Exercise requirements -> Repeat exactly the line that contains "Some of the words" and every line after it, down to the last line of the entries below. Do not include pictures.

Input data ->
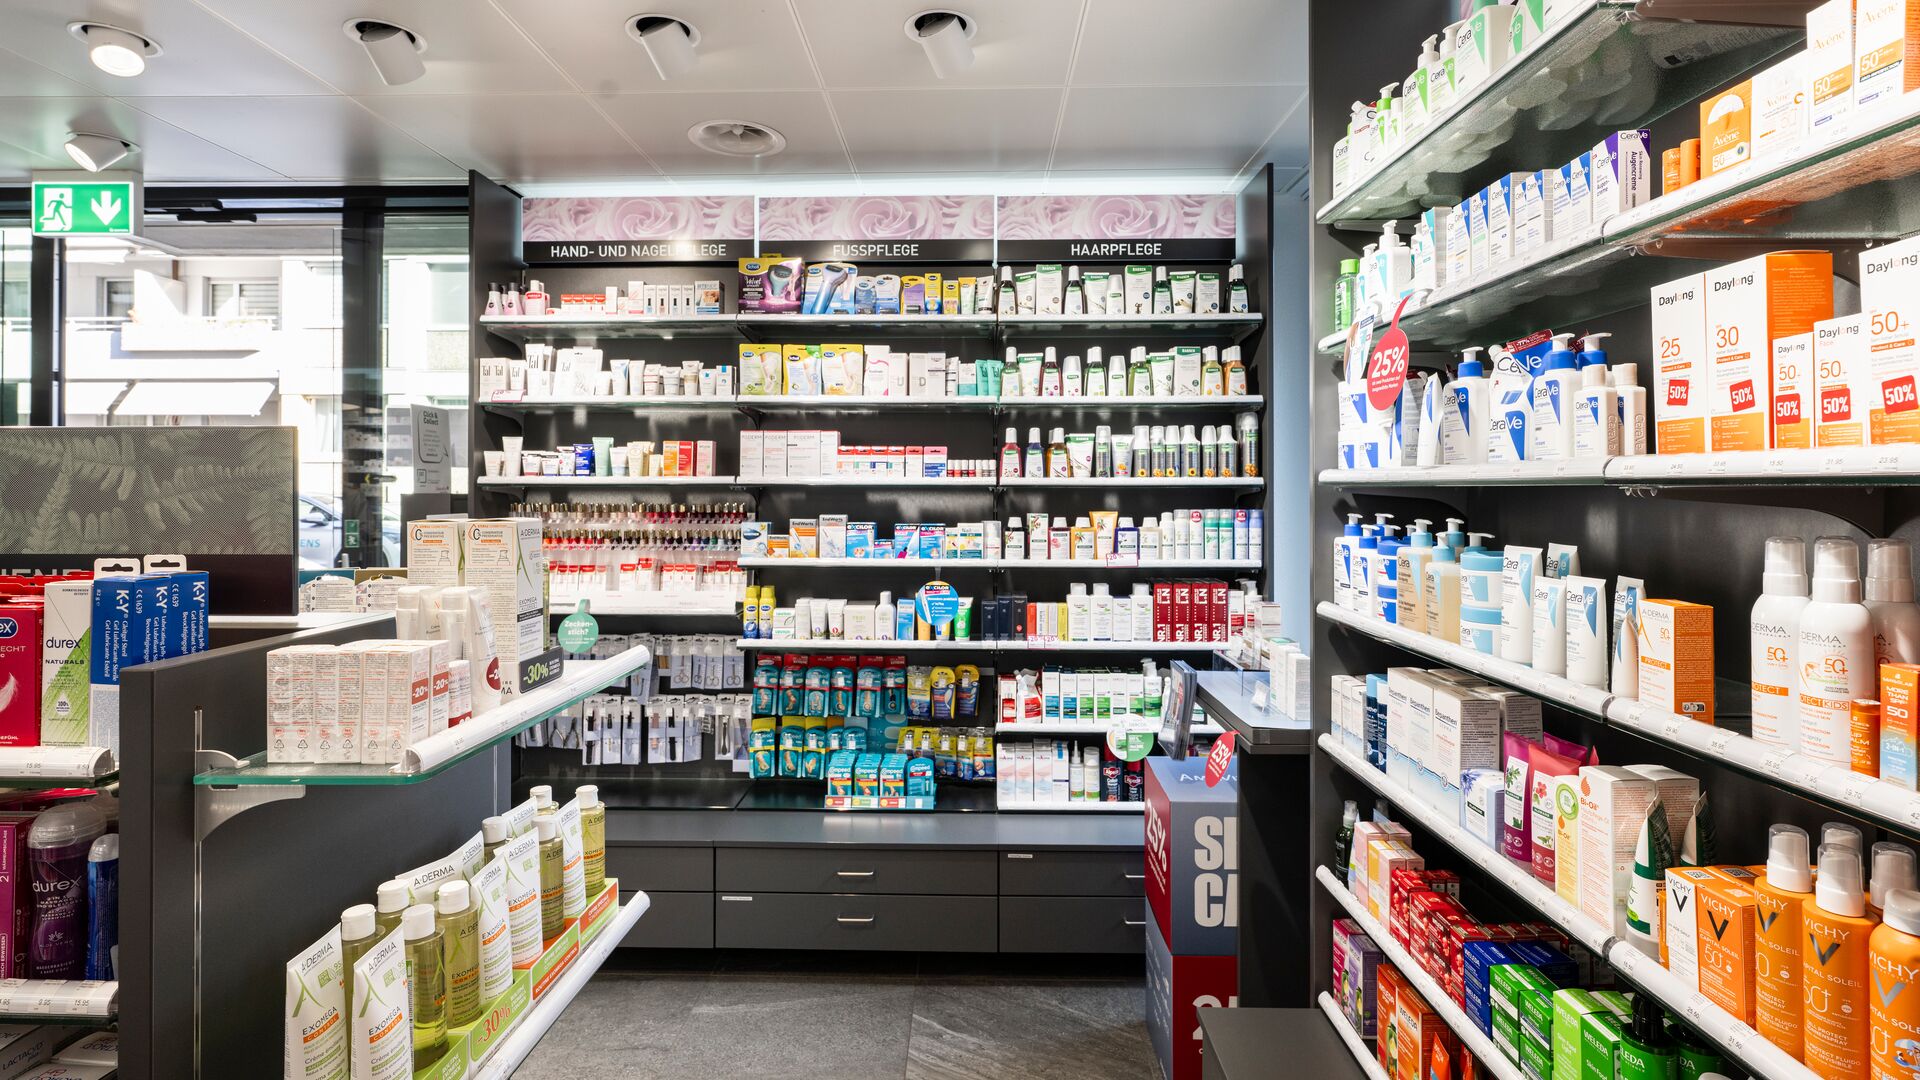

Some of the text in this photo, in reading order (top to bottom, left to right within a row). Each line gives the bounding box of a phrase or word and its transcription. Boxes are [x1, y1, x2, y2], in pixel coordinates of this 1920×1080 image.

[1620, 131, 1648, 140] CeraVe
[551, 244, 727, 258] HAND- UND NAGELLEGE
[832, 245, 919, 257] FUSSPFLEGE
[1071, 243, 1162, 256] HAARPFLEGE
[1867, 252, 1919, 275] Daylong
[1714, 272, 1755, 292] Daylong
[1658, 288, 1694, 307] Daylong
[1819, 324, 1860, 339] Daylong
[1870, 311, 1910, 336] 50+
[1716, 326, 1739, 349] 30
[1661, 337, 1681, 359] 25
[1371, 345, 1406, 378] 25%
[1669, 385, 1687, 399] 50%
[1732, 386, 1753, 405] 50%
[1885, 384, 1915, 405] 50%
[1575, 400, 1598, 410] CeraVe
[1777, 400, 1799, 417] 50%
[1823, 397, 1849, 415] 50%
[564, 620, 593, 628] Zecken-
[567, 628, 590, 636] stich?
[46, 637, 82, 648] durex
[1645, 657, 1668, 670] PROTECT
[523, 663, 549, 684] -30%
[1886, 686, 1909, 695] MORE
[1887, 692, 1909, 701] THAN
[1824, 701, 1849, 711] KIDS
[1886, 706, 1909, 719] 50
[1211, 740, 1232, 770] 25%
[1580, 797, 1599, 811] Bi-Oil
[1147, 799, 1167, 873] 25%
[33, 875, 82, 893] durex
[1668, 877, 1691, 895] VICHY
[1701, 894, 1736, 919] VICHY
[1804, 917, 1850, 941] VICHY
[1699, 933, 1740, 960] CAPITAL SOLEIL
[1768, 941, 1801, 957] SOLEIL
[1827, 974, 1863, 988] SOLEIL
[1399, 1004, 1418, 1032] WELEDA
[1555, 1004, 1579, 1029] WELEDA
[1686, 1006, 1700, 1020] 25.50
[476, 1005, 511, 1045] -30%
[1583, 1029, 1609, 1057] WELEDA
[1728, 1035, 1743, 1050] 31.50
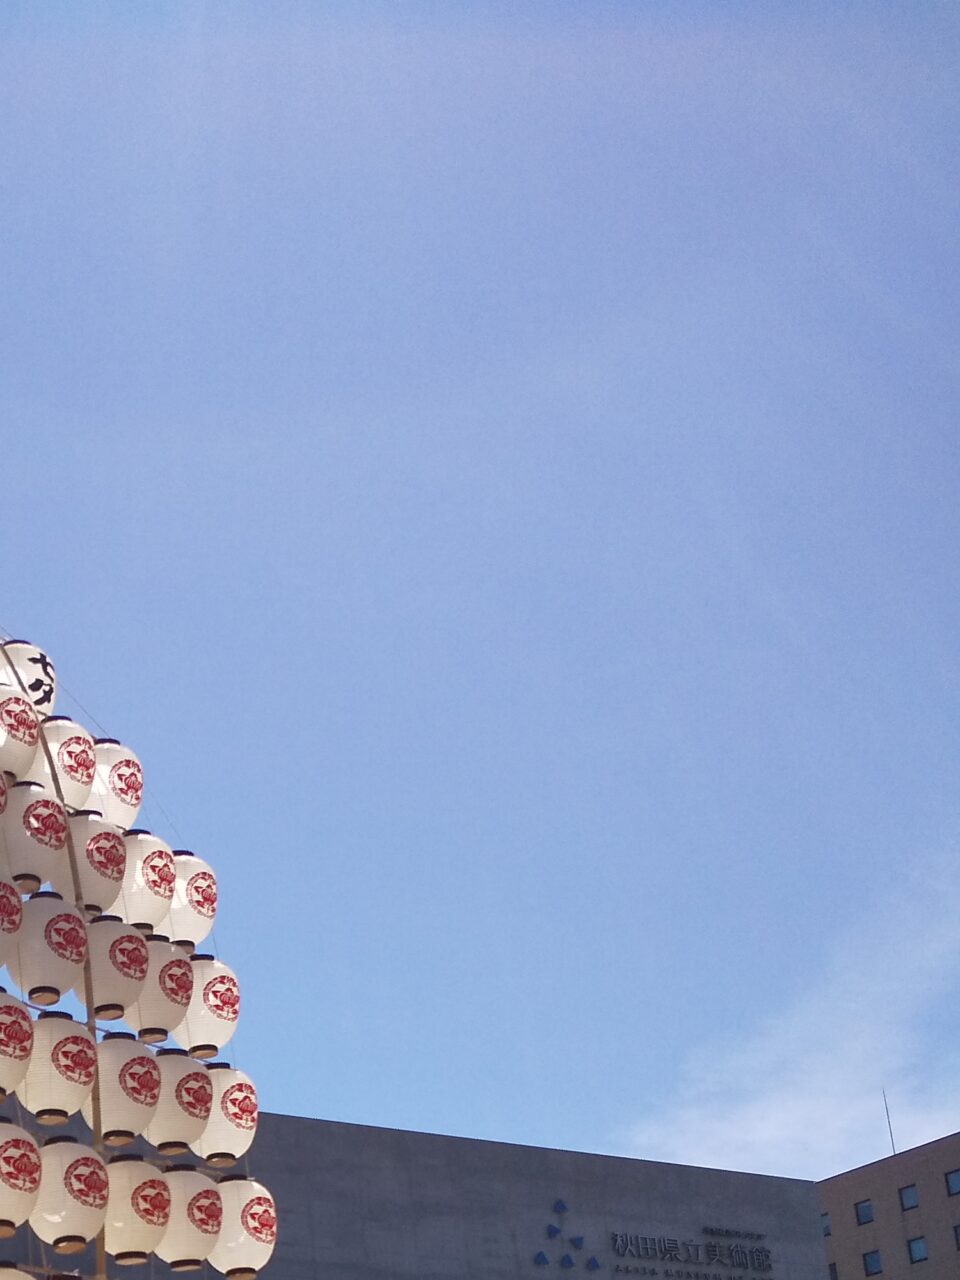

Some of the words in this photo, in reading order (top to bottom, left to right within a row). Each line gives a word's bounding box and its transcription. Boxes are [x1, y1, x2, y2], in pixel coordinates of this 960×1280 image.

[26, 652, 56, 706] 七夕
[612, 1232, 772, 1271] 秋田県立美術館
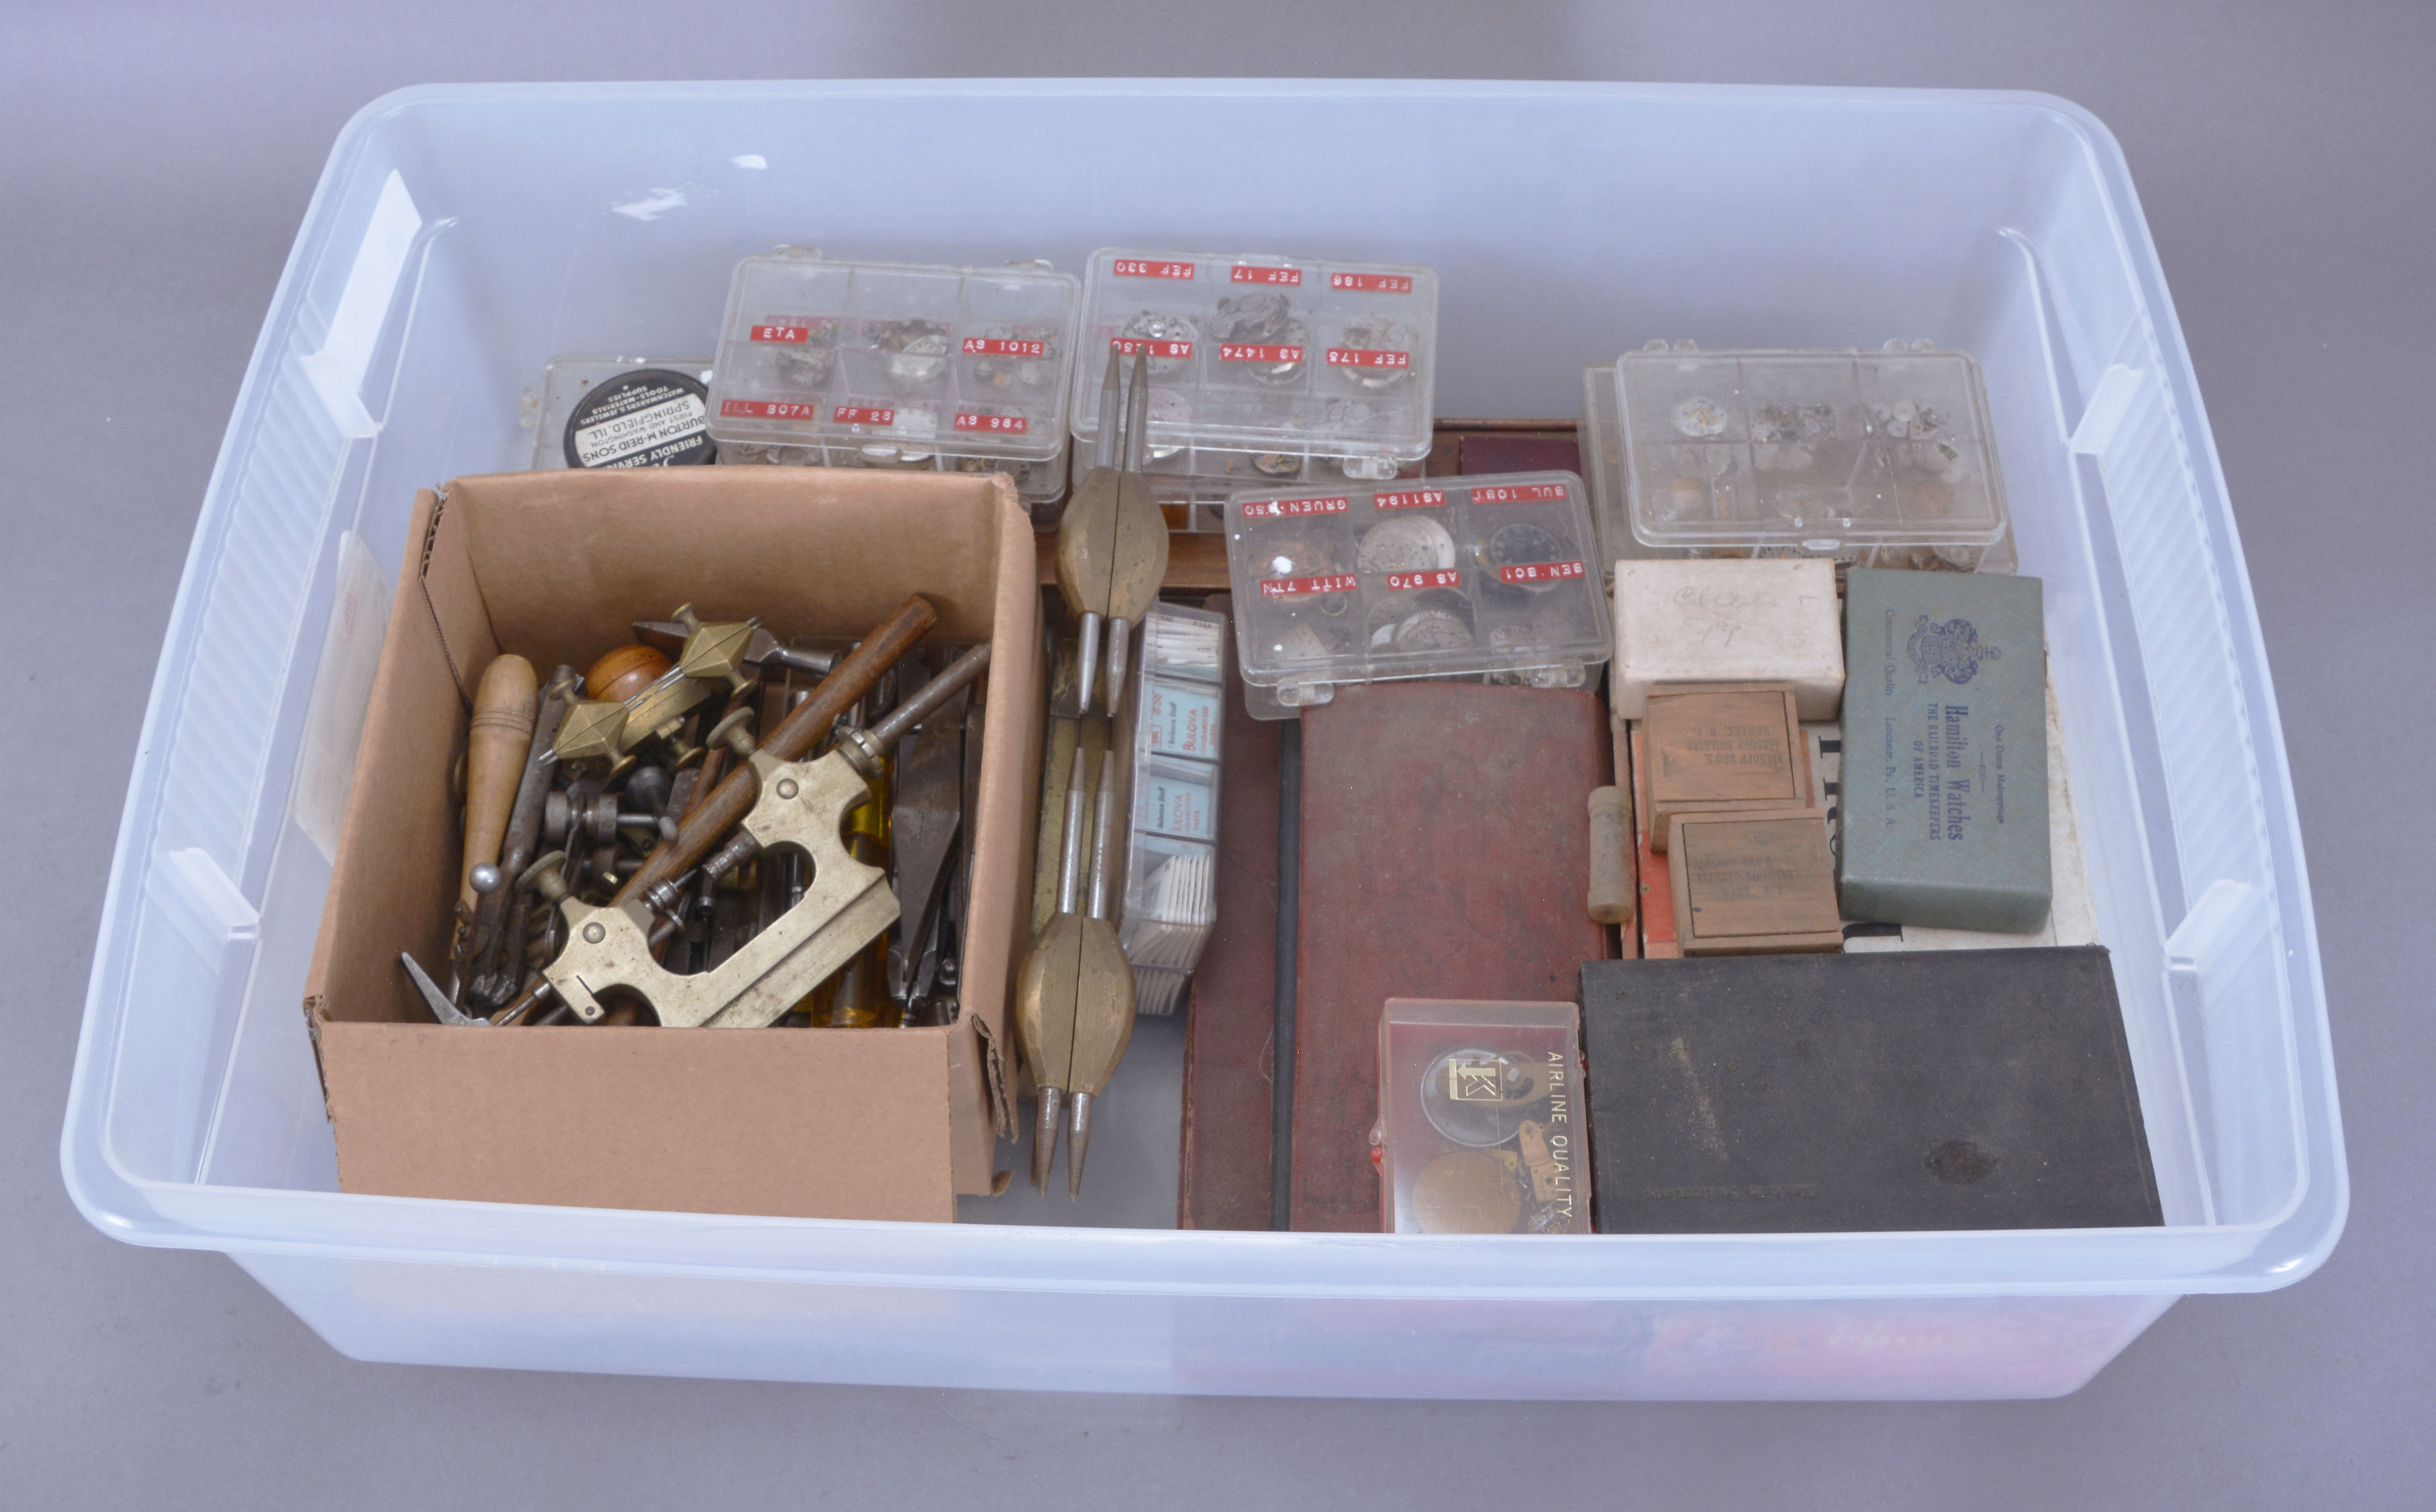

Task output ->
Some of the words in this photo, in reading order (top to bottom, left to right within a row). Each line gives a word's bounding box and its transcription. Boxes are [x1, y1, x2, y2], in pixel coordinates of this 960×1280 image.

[26, 652, 56, 706] 七夕
[612, 1232, 772, 1271] 秋田県立美術館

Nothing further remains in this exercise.